Geo: Batch count query statement timeout
Problem
In a secondary Geo site with ~40M job artifacts, Geo::MetricsUpdateWorker
jobs are erroring with PG::QueryCanceled: ERROR: canceling statement due to statement timeout
.
rake geo:status
also fails with the same error, so we are flying blind with respect to Geo replication/verification status, but we need this in order to be ready to failover to the secondary site.
The logs shows the failure in Geo::VerifiableReplicator.verification_failed_count
in Gitlab::Database::BatchCounter#actual_start
, during this SQL query: SELECT MIN("job_artifact_registry"."id") FROM "job_artifact_registry" WHERE ("job_artifact_registry"."state" IN (2)) AND ("job_artifact_registry"."verification_state" IN (3))

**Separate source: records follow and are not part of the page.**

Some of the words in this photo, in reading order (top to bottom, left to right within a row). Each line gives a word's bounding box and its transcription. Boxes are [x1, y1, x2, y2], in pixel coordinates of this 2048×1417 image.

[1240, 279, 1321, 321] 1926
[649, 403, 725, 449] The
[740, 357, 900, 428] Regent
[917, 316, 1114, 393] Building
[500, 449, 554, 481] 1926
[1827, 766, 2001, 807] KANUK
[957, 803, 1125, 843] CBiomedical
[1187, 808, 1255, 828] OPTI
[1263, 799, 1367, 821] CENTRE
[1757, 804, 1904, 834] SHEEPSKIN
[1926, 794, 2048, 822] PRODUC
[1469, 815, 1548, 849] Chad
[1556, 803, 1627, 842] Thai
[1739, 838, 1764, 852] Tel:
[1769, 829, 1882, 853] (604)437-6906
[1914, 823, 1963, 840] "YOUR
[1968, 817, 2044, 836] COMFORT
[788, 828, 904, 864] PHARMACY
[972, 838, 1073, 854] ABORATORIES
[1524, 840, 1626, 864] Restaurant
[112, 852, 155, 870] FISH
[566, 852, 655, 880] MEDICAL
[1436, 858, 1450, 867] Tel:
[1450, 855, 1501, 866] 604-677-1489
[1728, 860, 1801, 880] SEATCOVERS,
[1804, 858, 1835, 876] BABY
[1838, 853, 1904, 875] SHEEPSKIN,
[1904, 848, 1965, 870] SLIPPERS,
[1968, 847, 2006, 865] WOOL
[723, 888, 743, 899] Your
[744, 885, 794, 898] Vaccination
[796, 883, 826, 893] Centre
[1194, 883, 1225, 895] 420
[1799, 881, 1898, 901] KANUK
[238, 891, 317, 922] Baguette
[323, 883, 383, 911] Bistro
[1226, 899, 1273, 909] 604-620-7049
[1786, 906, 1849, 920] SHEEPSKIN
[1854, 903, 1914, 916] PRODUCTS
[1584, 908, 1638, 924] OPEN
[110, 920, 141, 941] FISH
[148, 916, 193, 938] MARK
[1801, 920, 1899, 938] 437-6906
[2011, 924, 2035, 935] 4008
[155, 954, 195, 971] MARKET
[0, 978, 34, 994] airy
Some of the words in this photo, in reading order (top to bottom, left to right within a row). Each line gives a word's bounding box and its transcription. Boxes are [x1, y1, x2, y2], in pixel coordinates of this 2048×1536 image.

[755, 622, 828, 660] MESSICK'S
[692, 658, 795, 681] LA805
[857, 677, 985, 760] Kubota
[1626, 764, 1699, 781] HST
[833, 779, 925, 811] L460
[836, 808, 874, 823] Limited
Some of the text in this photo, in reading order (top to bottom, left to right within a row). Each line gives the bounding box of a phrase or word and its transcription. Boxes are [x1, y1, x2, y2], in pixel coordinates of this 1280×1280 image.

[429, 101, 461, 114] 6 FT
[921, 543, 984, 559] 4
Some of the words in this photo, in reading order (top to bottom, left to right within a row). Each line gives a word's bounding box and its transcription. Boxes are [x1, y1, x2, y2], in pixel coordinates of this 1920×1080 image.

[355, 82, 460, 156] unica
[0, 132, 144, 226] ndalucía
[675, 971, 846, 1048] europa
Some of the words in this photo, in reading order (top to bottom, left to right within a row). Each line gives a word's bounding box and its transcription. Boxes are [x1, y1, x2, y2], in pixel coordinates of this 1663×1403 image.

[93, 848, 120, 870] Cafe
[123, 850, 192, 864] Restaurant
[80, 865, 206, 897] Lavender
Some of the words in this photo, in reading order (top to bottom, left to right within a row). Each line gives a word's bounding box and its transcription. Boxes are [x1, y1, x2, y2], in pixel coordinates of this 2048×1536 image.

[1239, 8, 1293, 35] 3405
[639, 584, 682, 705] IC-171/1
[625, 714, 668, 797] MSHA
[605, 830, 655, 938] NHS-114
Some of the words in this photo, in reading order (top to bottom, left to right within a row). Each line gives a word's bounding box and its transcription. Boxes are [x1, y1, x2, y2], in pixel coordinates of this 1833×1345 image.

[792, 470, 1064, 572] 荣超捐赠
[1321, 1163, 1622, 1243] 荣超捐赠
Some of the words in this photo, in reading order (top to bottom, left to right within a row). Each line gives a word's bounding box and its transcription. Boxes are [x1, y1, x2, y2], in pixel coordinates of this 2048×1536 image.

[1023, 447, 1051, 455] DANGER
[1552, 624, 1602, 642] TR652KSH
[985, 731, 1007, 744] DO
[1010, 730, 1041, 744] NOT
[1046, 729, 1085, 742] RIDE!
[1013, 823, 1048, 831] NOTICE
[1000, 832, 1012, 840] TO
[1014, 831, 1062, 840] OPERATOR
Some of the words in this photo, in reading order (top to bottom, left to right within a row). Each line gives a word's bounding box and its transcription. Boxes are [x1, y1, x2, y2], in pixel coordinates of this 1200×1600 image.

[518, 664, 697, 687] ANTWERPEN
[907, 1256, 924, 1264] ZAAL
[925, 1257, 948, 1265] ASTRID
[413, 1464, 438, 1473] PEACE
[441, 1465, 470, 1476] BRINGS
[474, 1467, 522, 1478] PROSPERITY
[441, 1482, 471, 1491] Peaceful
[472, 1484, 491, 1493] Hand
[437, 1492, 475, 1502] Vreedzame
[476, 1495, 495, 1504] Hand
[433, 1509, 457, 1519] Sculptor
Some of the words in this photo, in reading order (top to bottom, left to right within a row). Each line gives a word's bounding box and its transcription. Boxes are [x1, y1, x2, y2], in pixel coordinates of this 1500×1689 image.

This index is the one I expect would be chosen: CREATE INDEX job_artifact_registry_failed_verification ON job_artifact_registry USING btree (verification_retry_at NULLS FIRST) WHERE ((state = 2) AND (verification_state = 3));
We use "batch count" logic.
EXPLAIN ANALYZE
of SELECT MIN
timed out. Here is EXPLAIN
without the ANALYZE
:
gitlabhq_geo_production=> EXPLAIN SELECT MIN("job_artifact_registry"."id") FROM "job_artifact_registry" WHERE ("job_artifact_registry"."state" IN (2)) AND ("job_artifact_registry"."verification_state" IN (3));
QUERY PLAN
----------------------------------------------------------------------------------------------------------------------------------
Result (cost=1.81..1.82 rows=1 width=4)
InitPlan 1 (returns $0)
-> Limit (cost=0.56..1.81 rows=1 width=4)
-> Index Scan using job_artifact_registry_pkey on job_artifact_registry (cost=0.56..5983372.31 rows=4795875 width=4)
Index Cond: (id IS NOT NULL)
Filter: ((state = 2) AND (verification_state = 3))
(6 rows)
It looks like the MIN
query chose a bad index (job_artifact_registry_pkey
). It has to run through every single ID and filter out every one, since almost no records match.